If the German occupation and destruction of the state in western Poland “opened a realm of experimentation” ominous for the Jews, the “double occupation” and “double destruction of states” in eastern Poland, Estonia, Latvia, Lithuania, and Bessarabia—first by the Soviet Union in 1939–1940 and then by Germany in 1941—was even more fateful. This region was, of course, the epicenter of Snyder’s “bloodlands,” where mass killing was concentrated. In his new book, it is the region where the Holocaust began, in large part because of the apt conditions that the Stalinist occupation created for the subsequent Nazi occupation to exploit. Psychologically, the Soviet occupation generated feelings of shame and resentment in Eastern Europeans. “Jews were never the majority of local collaborators” with the Soviets. They had “never held real power” in areas occupied by the Soviets, and in reality had “suffered as much or more than any other group under Soviet rule” from disproportionate confiscations and deportations. Yet the Jews necessarily saw the Soviets as “the lesser evil” and this made them “collectively vulnerable” for acts of revenge.

Economically, the Soviet seizure of all private property left Jewish property in particular up for grabs when the Germans arrived. Politically, pervasive local collaboration by non-Jews with the Soviet authorities could be erased by an act of “double collaboration.” That is, the German collaborative offer was that local populations could cleanse their own past by cleansing their communities of the Jews.

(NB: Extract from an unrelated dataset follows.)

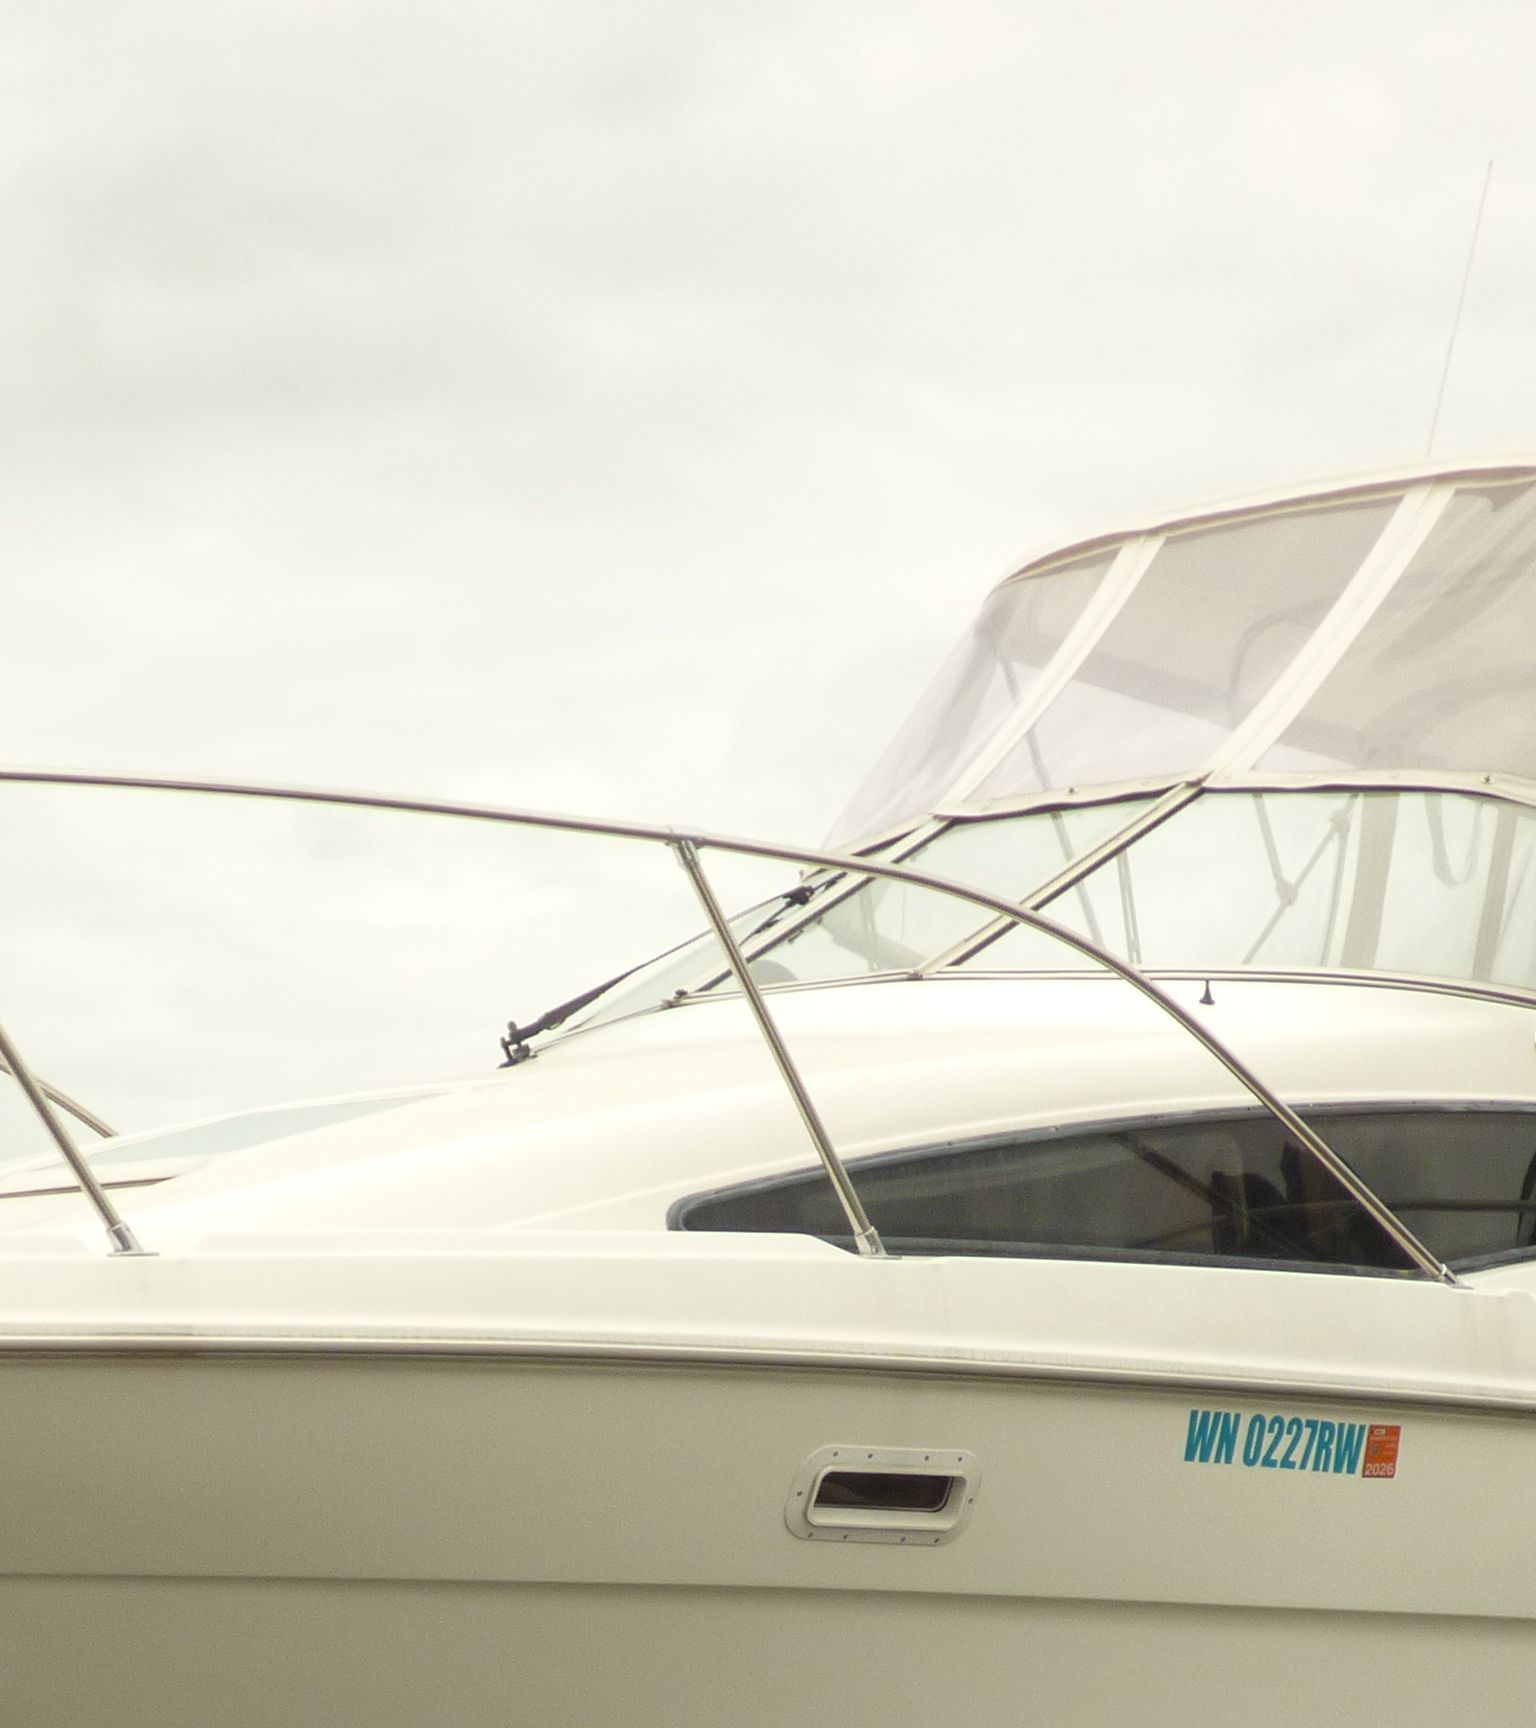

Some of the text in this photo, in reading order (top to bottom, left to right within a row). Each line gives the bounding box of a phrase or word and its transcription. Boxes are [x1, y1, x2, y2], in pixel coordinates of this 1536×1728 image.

[1184, 1409, 1241, 1464] WN
[1242, 1413, 1366, 1475] 0227RW
[1364, 1463, 1394, 1476] 2026

The murder of the Jews was thus, Snyder writes, a “joint creation” of “the greater evil,” the basis for which was laid in three stages. First, the rituals of humiliation and degradation of Jews by the local populations were “a political scenography by which the local population performed Nazi ideology,” publicly defining communism as Jewish and thereby exonerating themselves from their own behavior under Soviet occupation. Second, pogroms that were “anything but a spontaneous reaction” were instigated by Germans with the help of local ex-Communists and former Soviet collaborators who provided themselves with “the perfect escape route” to purge themselves of the stain of their previous collaboration by killing Jews.

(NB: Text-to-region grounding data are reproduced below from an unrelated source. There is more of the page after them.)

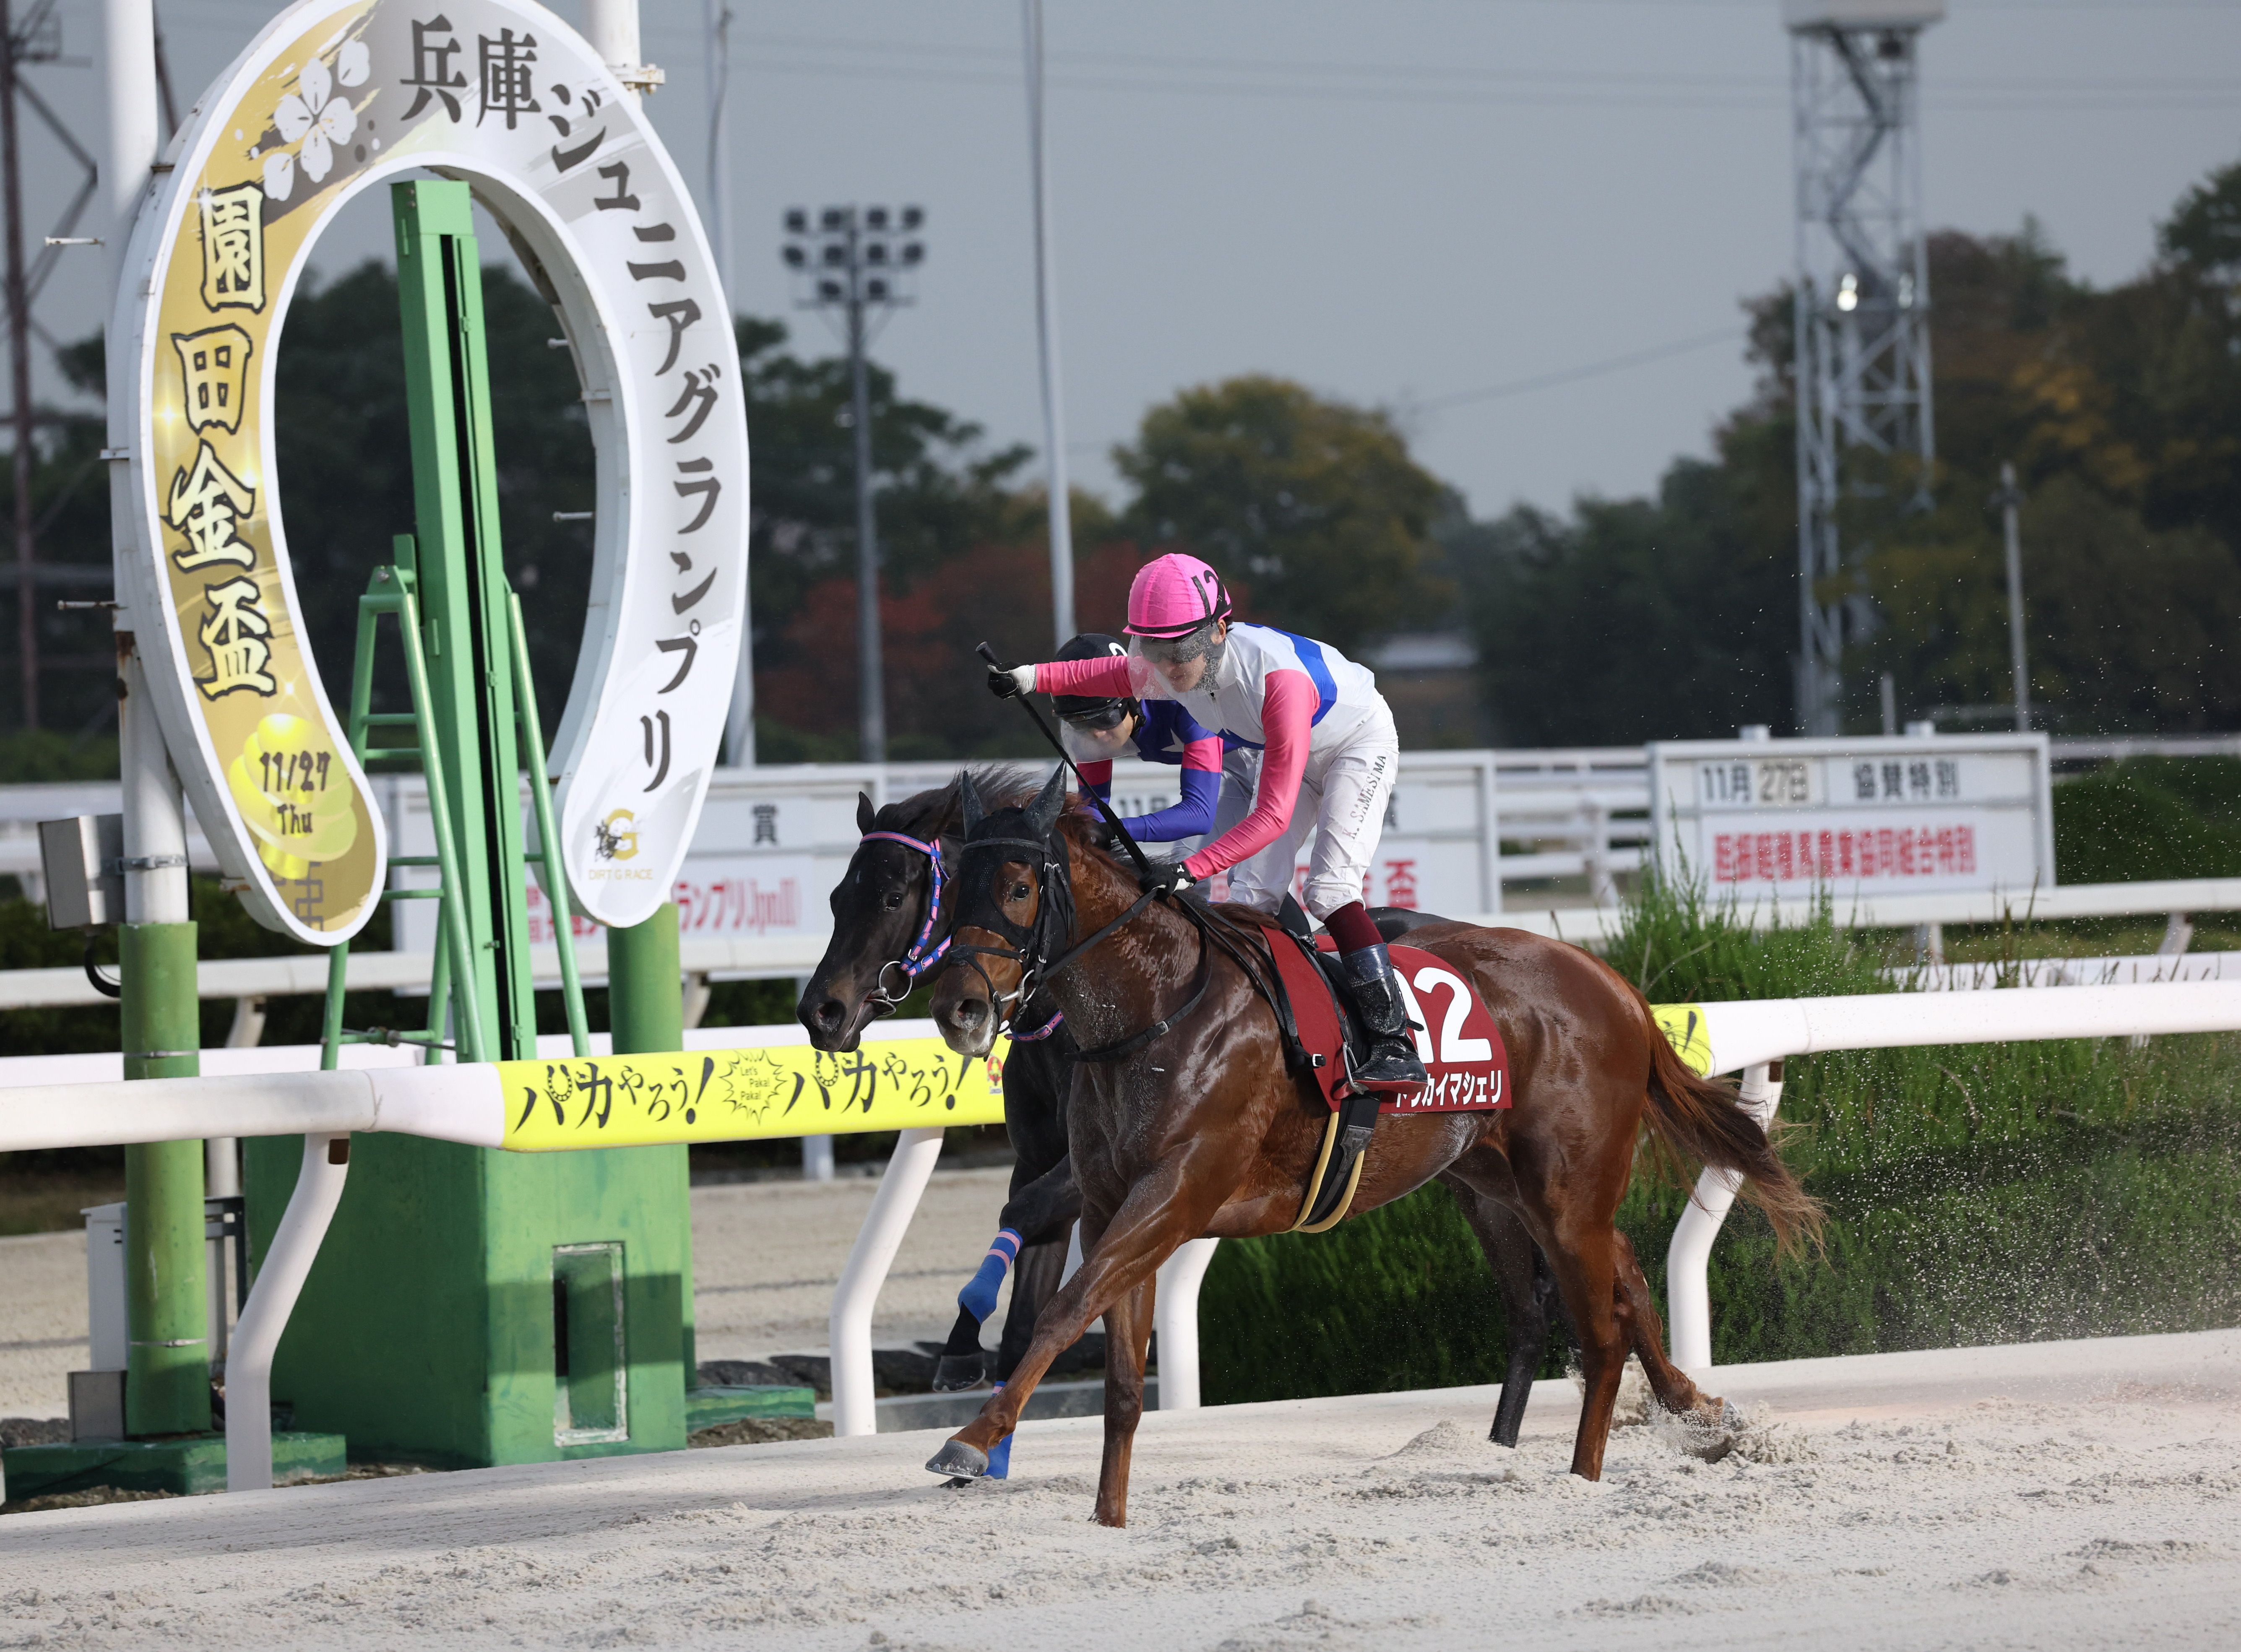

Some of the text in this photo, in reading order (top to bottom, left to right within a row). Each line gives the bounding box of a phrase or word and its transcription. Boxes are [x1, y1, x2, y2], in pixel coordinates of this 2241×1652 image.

[400, 13, 722, 792] 兵庫ジュニアグランプリ
[161, 181, 276, 702] 園田金盃
[260, 751, 331, 791] 11/27
[277, 804, 313, 835] Thu
[588, 869, 653, 880] DIRT G RACE
[740, 1066, 758, 1076] Let's

Third, while the Germans came “to understand that pogroms were not an effective way to eliminate Jews,” they were “an appropriate way to find murderers who could be recruited for organized actions.” The Arajs Commando in Latvia, an auxiliary police force, became the most notorious example of many such local units, killing or assisting in the killing of 40,000 of the country’s 66,000 Jews.

While Snyder pays attention to differences among eastern Poland, western and eastern Ukraine, Belarus, Lithuania, Latvia, Estonia, and German-occupied Russian territory, he makes several crucial generalizations. First, he writes that indigenous anti-Semitism did not correlate with local killing. The fatality rates in Lithuania, Latvia, and Estonia, where the anti-Semitic tradition was weak, were just as high as in eastern Poland or the western Ukraine, where it was strong.

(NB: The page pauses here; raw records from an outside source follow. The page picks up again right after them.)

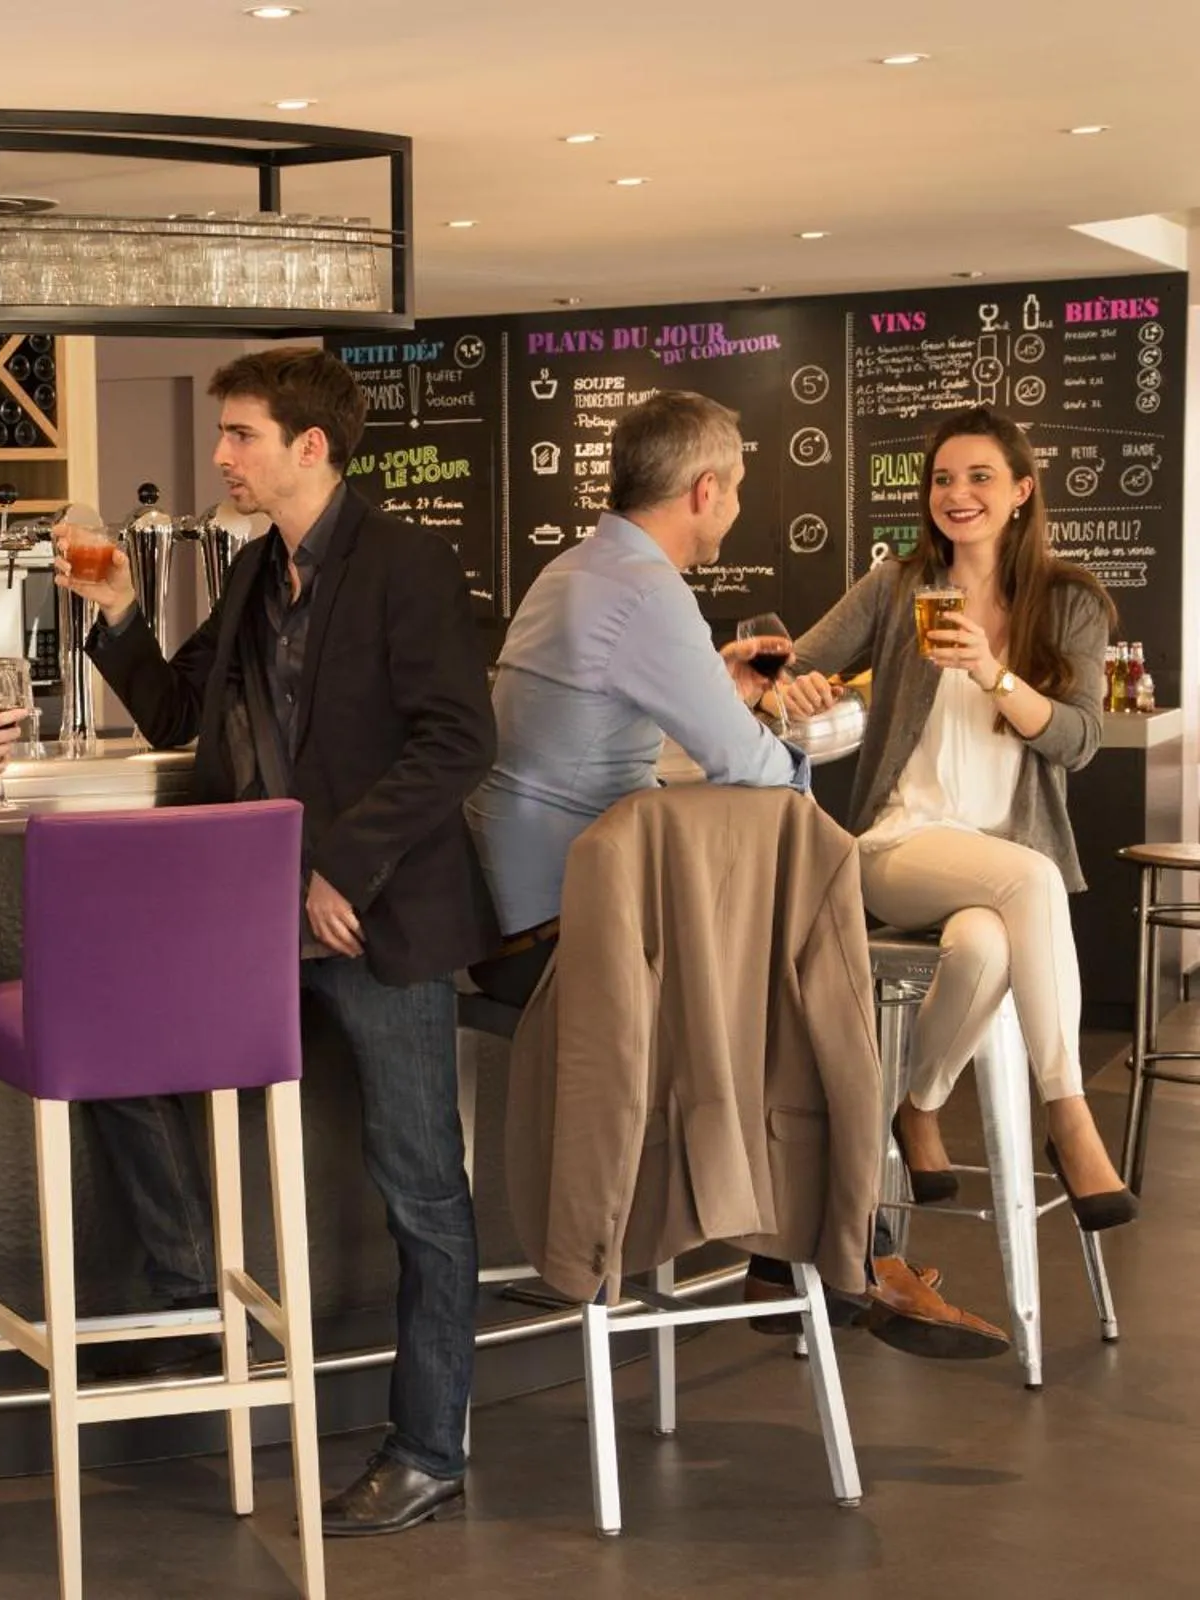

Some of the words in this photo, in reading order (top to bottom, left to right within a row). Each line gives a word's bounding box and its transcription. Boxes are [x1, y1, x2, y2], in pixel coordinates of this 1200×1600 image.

[1065, 296, 1159, 323] BIÈRES
[871, 312, 926, 333] VINS
[528, 329, 604, 354] PLATS
[612, 326, 648, 349] DU
[655, 322, 726, 346] JOUR
[341, 345, 397, 363] PETIT
[663, 349, 686, 365] DU
[691, 334, 781, 360] COMPTOIR
[383, 368, 402, 379] LES
[426, 370, 462, 381] BUFFET
[574, 376, 625, 390] SOUPE
[574, 392, 625, 408] TENDREMENT
[575, 443, 604, 457] LES
[1071, 446, 1099, 460] PETITE
[346, 455, 375, 477] AU
[379, 445, 438, 472] JOUR
[575, 461, 588, 475] ILS
[590, 460, 610, 475] SONT
[385, 466, 407, 489] LE
[411, 459, 471, 484] JOUR
[416, 497, 430, 510] 27
[1061, 520, 1095, 541] VOUS

Second, collaboration in mass killing of Jews may have begun in the zone of double occupation, but it was not restricted to the borderland nationalities living there. “The Germans were aided in their campaign of murder by members of all Soviet nationalities they encountered,” for everywhere the Germans encountered a local appetite for Jewish property and above all the need to cleanse a Soviet past. “The politics of the greater evil meant proclaiming the destruction of Jewish communism while arranging for communists to kill Jews.”


Stephen Shore

Tzal Nusymovych, a Jewish Ukrainian in his nineties who fought at the Battle of Stalingrad and later returned to live in the house that his family had fled in 1941, Korsun, Cherkaska District, Ukraine, 2012; photograph by Stephen Shore from his book Survivors in Ukraine, to be published this month by Phaidon, with an introduction by Jane Kramer

This phenomenon of double collaboration, therefore, “was the rule rather than the exception.” If in Bloodlands the local populations in much of Eastern Europe seemed like rather passive figures struggling to survive between the millstones of Hitler and Stalin, in Black Earth their agency and agendas have been restored.

In my opinion this stark picture needs to be qualified in several ways. First, not all rituals of humiliation were a “political scenography” that “performed Nazi ideology.” In some rural areas of Lithuania, for instance, local rituals of humiliation featured older Christian anti-Jewish motives, indicating a more complex situation in which the successive arrival of the Soviets and the Nazis rendered older tensions and divisions lethal for the first time, but local populations did not entirely lose their own voices.1

Second, the possibility of erasing a Soviet past may have been an important aspect in Nazi recruitment (as suggested also by the historian and sociologist Jan Gross), but it was not the only one. The earliest recruits to the Arajs Commando, for instance, were Viktor Arajs’s fraternity brothers and friends as well as teenagers from families victimized by the Soviet deportations. Subsequently the Arajs group recruited from all ranks of society.2 And in the two trials of Ukrainian collaborators for which I served as a historical expert witness, neither defendant had served the Soviets first. Here Snyder has mistaken the part for the whole.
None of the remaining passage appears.